Walnuts emit an allelopathic toxin which is, in essence, their own homegrown herbicide. The idea behind this is that it keeps competition for light, water, and nutrients down in the immediate area of the tree. The way they do this is by production of hydrojuglone, which turns to juglone on exposure to air once leaving the tree. Juglone is also the active ingredient in the dye or ink we can create from the hulls of the walnut. Juglone binds to fibers, more quickly in the presence of heat, but in ink we cannot necessarily or practically heat our pages while we write or draw.
There are a number of recipes out there for walnut ink, and the first thing I realized is: this is an easy and cheap (if you have ready access to the trees) ink to create. So easy, you may find yourself with far too much on hand! However, the instructions are sometimes vague, and I wanted to experiment myself with different methods.
This, then, is the first method for the ink. The other will take some time (more time than I had for this first batch) and I will write up later.
Walnut Hull Ink
Hulls or whole nuts from the Black Walnut
Water to cover
And yes, that is all currently. Some recipes call for adding alcohol, as you will see, I'm not so sure this is a good idea, even if I wind up having to refrigerate the ink to retard mold growth.

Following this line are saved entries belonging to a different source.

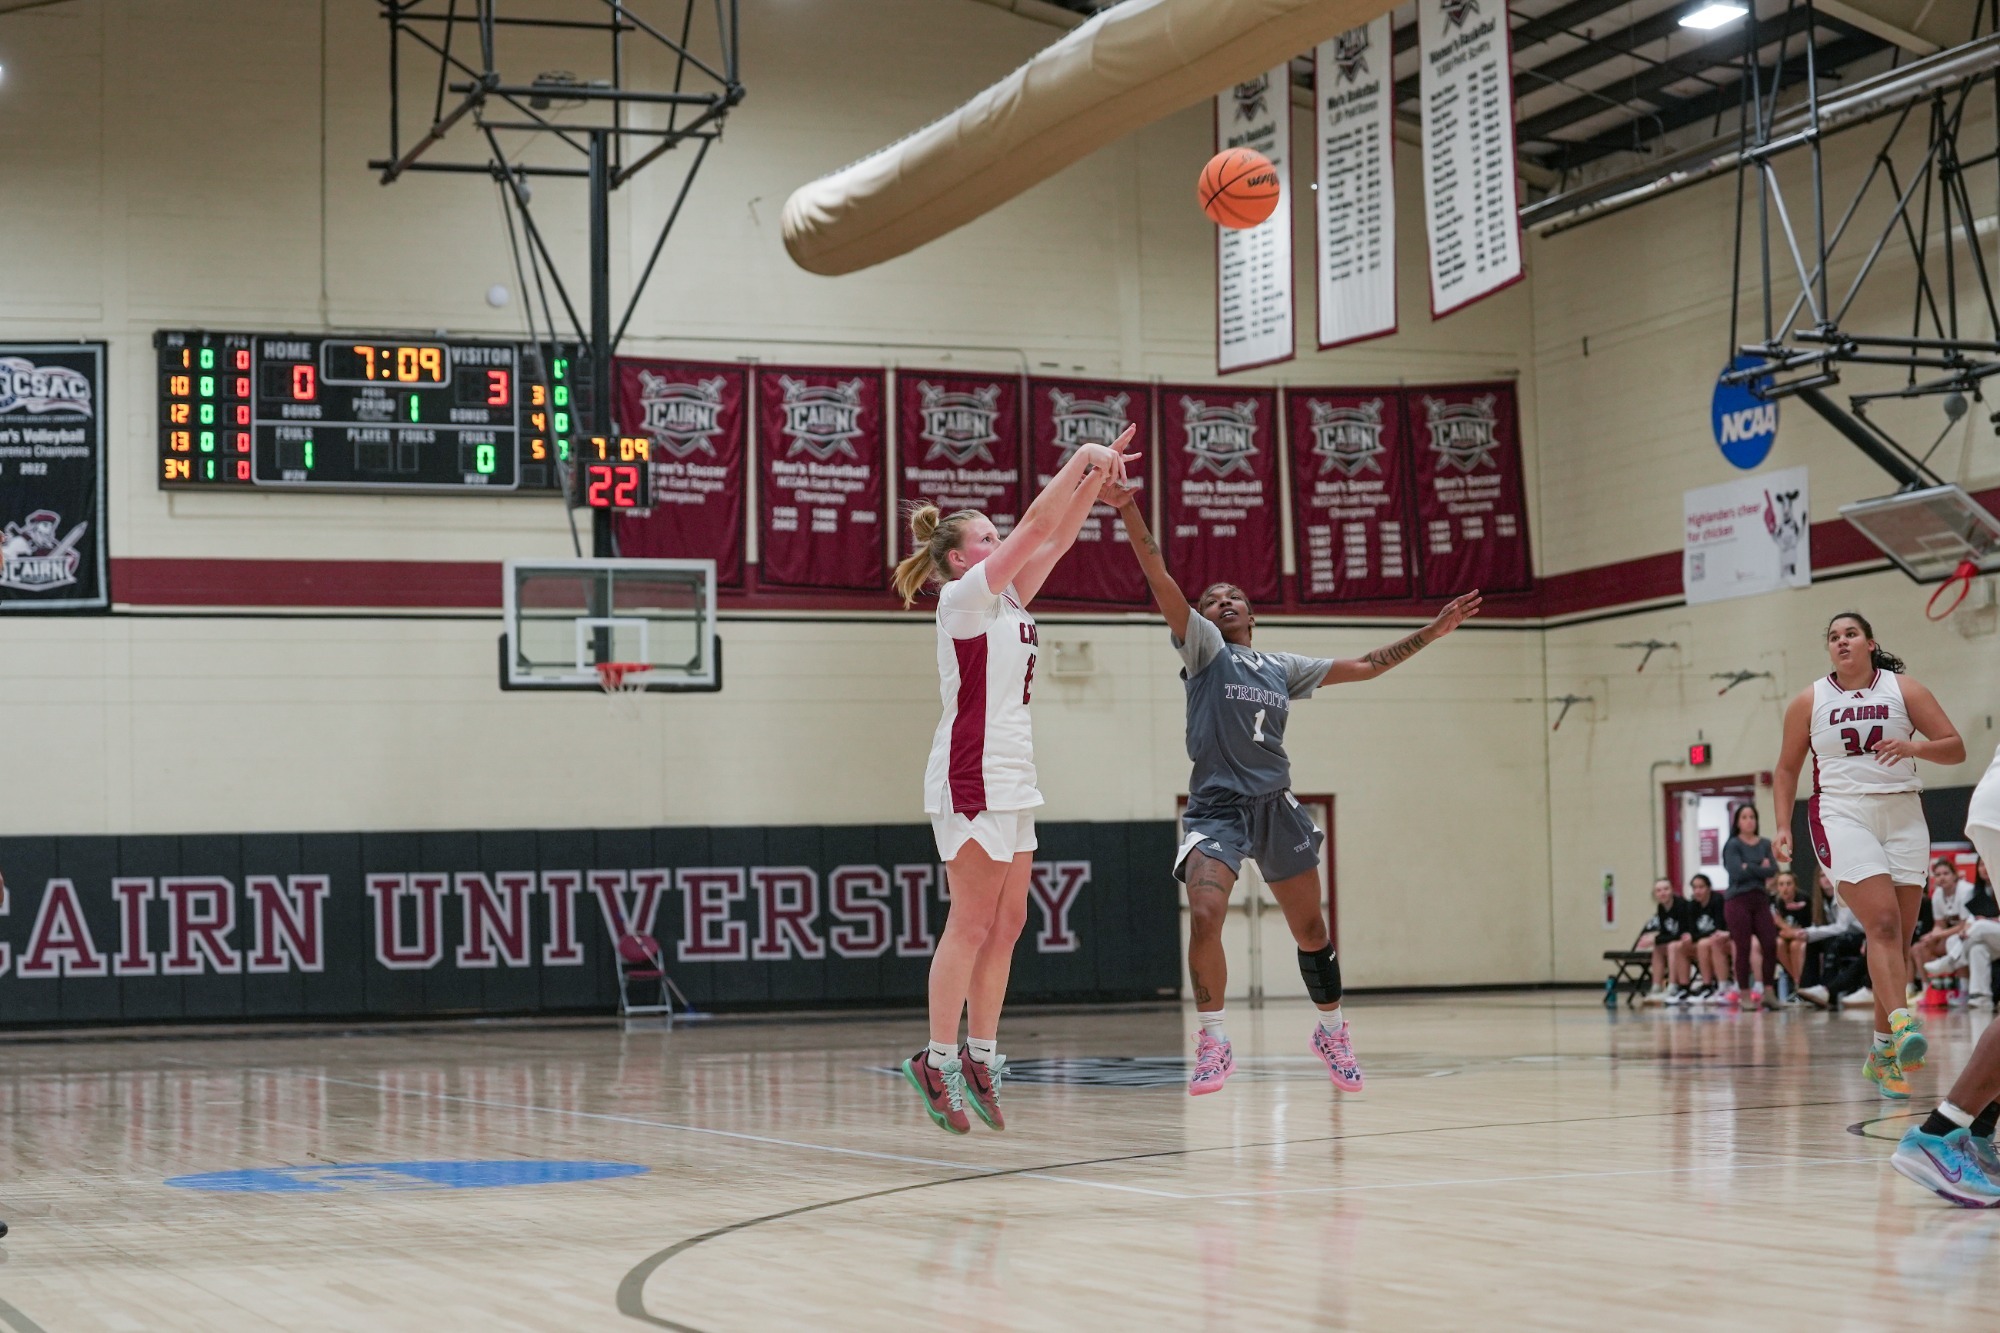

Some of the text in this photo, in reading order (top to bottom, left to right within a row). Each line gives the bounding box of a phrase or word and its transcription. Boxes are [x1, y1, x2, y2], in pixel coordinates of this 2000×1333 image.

[182, 348, 250, 370] 1 0 0
[263, 340, 312, 360] HOME
[451, 346, 513, 366] VISITOR
[353, 345, 441, 382] 7:09
[12, 371, 86, 399] CSAC
[170, 375, 250, 398] 10 0 0
[293, 364, 315, 400] 0
[487, 370, 509, 406] 3
[532, 385, 545, 407] 3
[170, 403, 250, 425] 12 0 0
[282, 404, 323, 419] BONUS
[410, 394, 419, 423] 1
[449, 408, 490, 424] BONUS
[652, 402, 710, 430] CAIRN
[793, 404, 850, 433] CAIRN
[275, 426, 314, 441] FOULS
[531, 412, 568, 433] 4 0
[931, 411, 988, 437] CAIRN
[1062, 419, 1118, 444] CAIRN
[1721, 403, 1776, 445] NCAA
[22, 427, 86, 446] Volleyball
[170, 431, 250, 453] 13 0 0
[347, 428, 436, 444] PLAYER FOULS
[458, 430, 496, 444] FOULS
[1194, 425, 1247, 451] CAIRN
[1322, 426, 1375, 451] CAIRN
[1437, 421, 1488, 447] CAIRN
[33, 444, 91, 460] Champions
[304, 441, 313, 469] 1
[476, 444, 495, 474] 0
[531, 439, 547, 460] 5
[164, 458, 250, 480] 34 1 0
[685, 462, 728, 479] Soccer
[771, 460, 871, 480] Men's Basketball
[905, 466, 956, 482] Women's
[957, 467, 1018, 483] Basketball
[588, 465, 639, 507] 22
[1181, 480, 1215, 494] Men's
[1688, 502, 1761, 527] Highlanders cheer
[1687, 525, 1734, 543] for chicken
[9, 560, 65, 582] CAIRN
[1252, 708, 1266, 742] 1
[1829, 704, 1889, 726] CAIRN
[1840, 725, 1884, 757] 34
[0, 860, 1092, 979] AIRN UNIVERSIY

Black walnuts collected from my yard
In a stainless steel pot, I placed the hulls, then added water to cover (or at least to top of nuts.) They float, so you will want to kind of hold them down to judge where this is. Place the pot on the stove on high, bring to boil for one hour.
I like the smell of black walnuts, but wasn't sure what boiling them would be like. I don't have an outdoor burner, so this was my option... and it was fine. Not stinky at all.

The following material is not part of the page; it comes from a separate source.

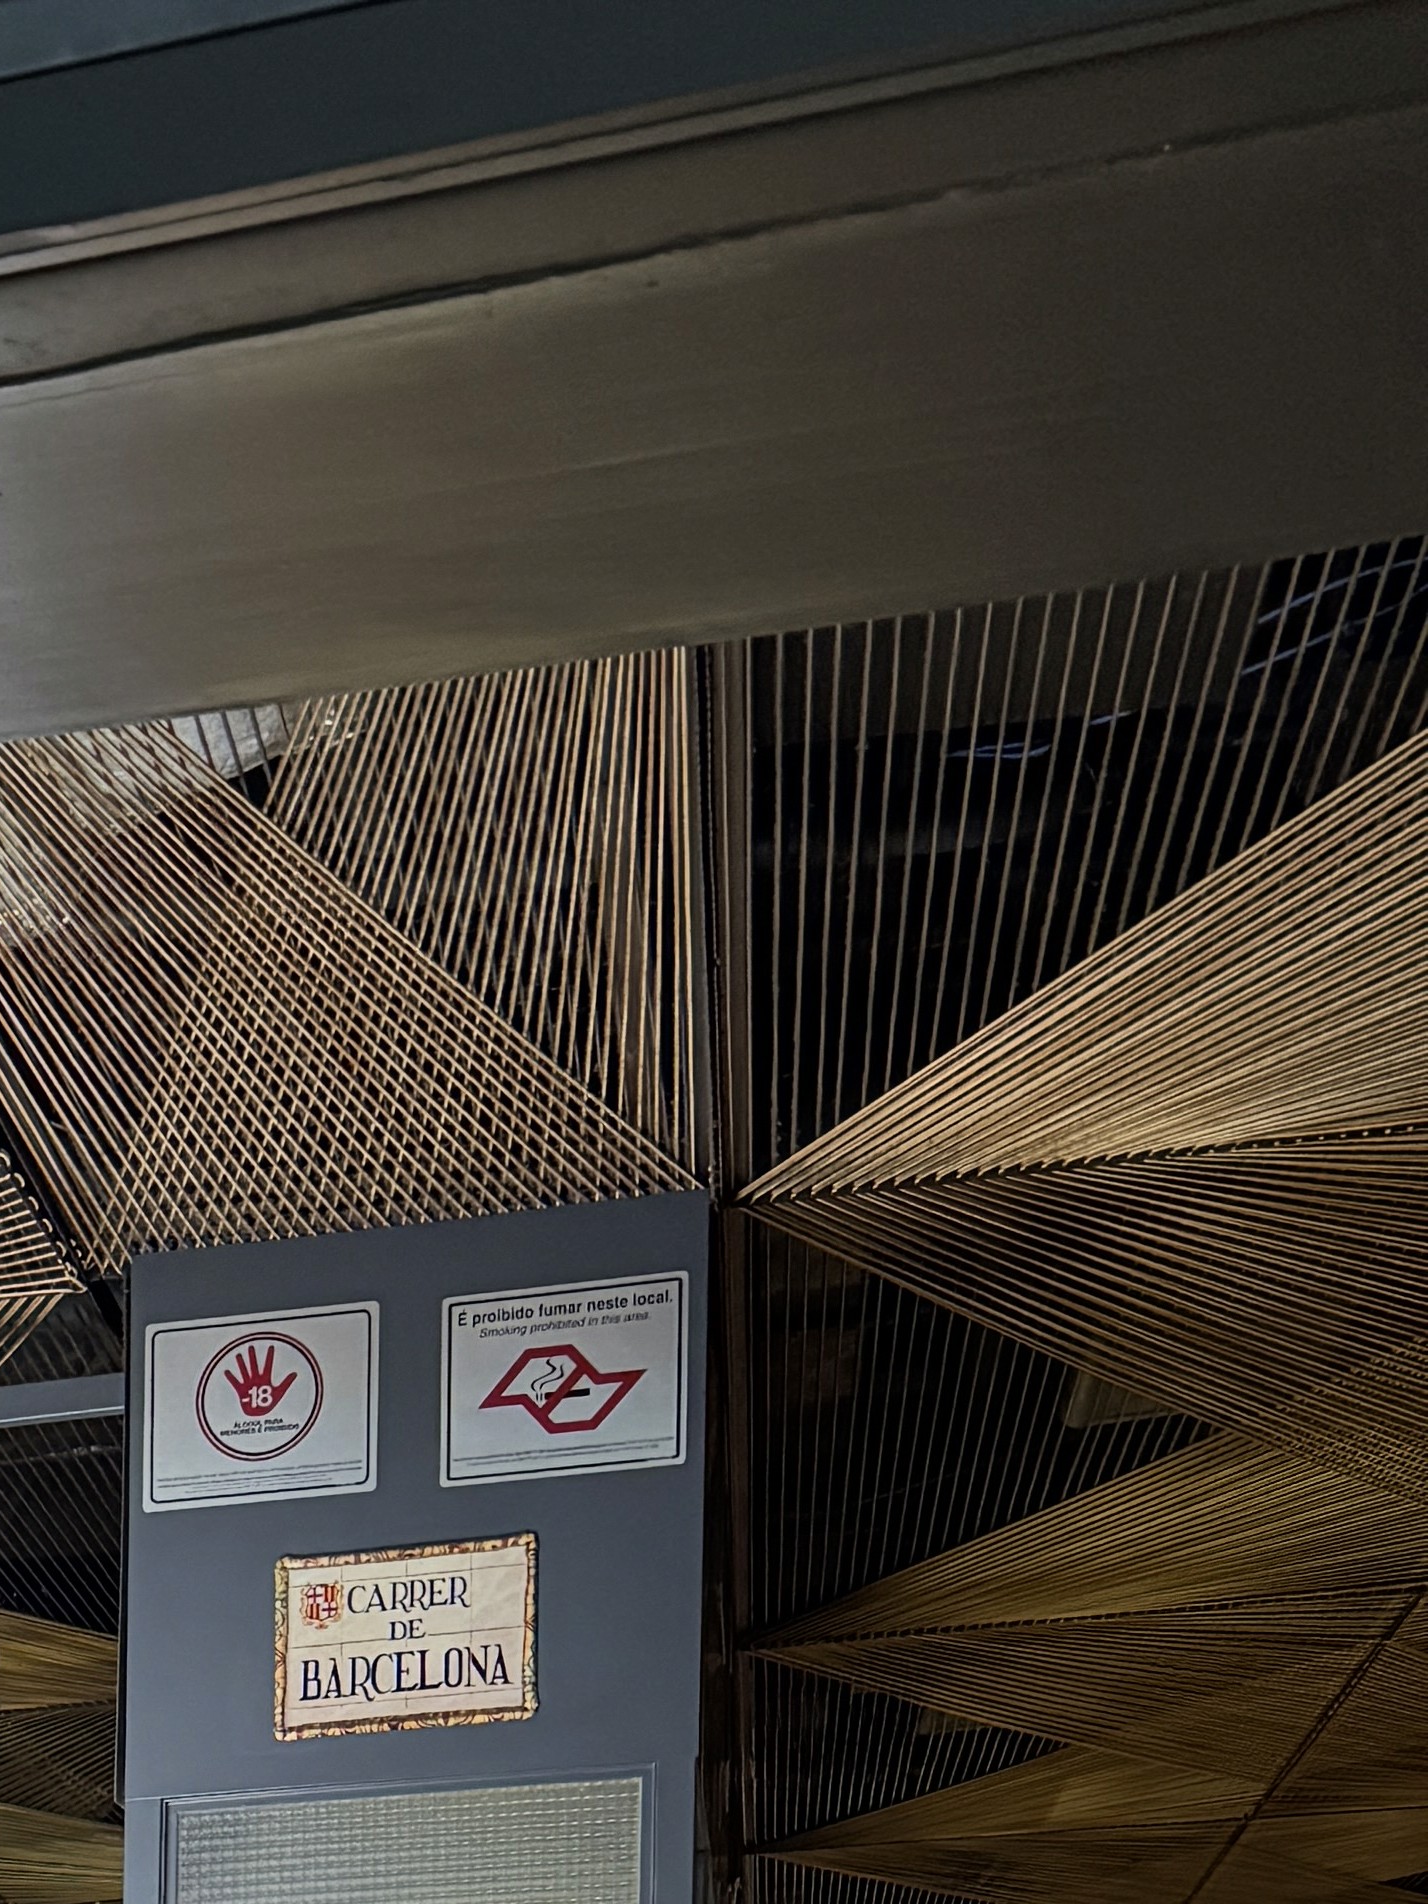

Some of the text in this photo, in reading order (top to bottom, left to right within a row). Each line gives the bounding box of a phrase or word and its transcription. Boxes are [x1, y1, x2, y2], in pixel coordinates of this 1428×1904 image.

Cool. Strain through cheesecloth, or a coffee filter.
Here's where I started to play with the recipe and methods a little. I took the first filtrate yield, and diluted it with 10% alcohol (I used 91% isopropyl alcohol) and bottled it.

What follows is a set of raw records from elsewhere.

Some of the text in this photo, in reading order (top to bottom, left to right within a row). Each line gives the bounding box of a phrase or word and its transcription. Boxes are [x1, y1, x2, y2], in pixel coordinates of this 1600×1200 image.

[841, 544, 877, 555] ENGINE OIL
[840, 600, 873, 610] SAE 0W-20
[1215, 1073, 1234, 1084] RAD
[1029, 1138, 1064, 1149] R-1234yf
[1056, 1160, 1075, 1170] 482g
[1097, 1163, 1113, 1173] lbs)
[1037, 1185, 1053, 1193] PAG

The alcohol makes the ink bleed a lot. I won't use it again.
I kept some of the filtered ink in an open beaker, then put it in a water bath (my crockpot, on low) overnight. This is the ink in the test labeled evaporated.
Improvised water bath! I put water in to the level of the ink in the beaker.
Some of the ink did not want to pass through the filter, so I poured it into a small jam jar, careful not to pour in the sludge that was choking the filter (or at least not too much of it) and this is the test swatch labeled unfiltered.
Day 1 of Inktober 2019, the unfiltered ink. The drawing is still wet, here. This was done with glass dip pen on watercolor paper.
Since I had made such a large batch, I left some steeping in the pot after pouring off the first amount to filter. This is the swatch labeled 'steeped' and this was day three of steeping. I will test again over several days of this brew, and it is only partly covered, so there will be some evaporation as well.
The swatches were done on watercolor paper with a sable paintbrush. I will come back later to check for color fading, but historically walnut dyes and inks are noted to be colorfast, so I don't expect much. I will also continue to write up this ink, as well as the pokeberry ink I also made.
Happy Inking!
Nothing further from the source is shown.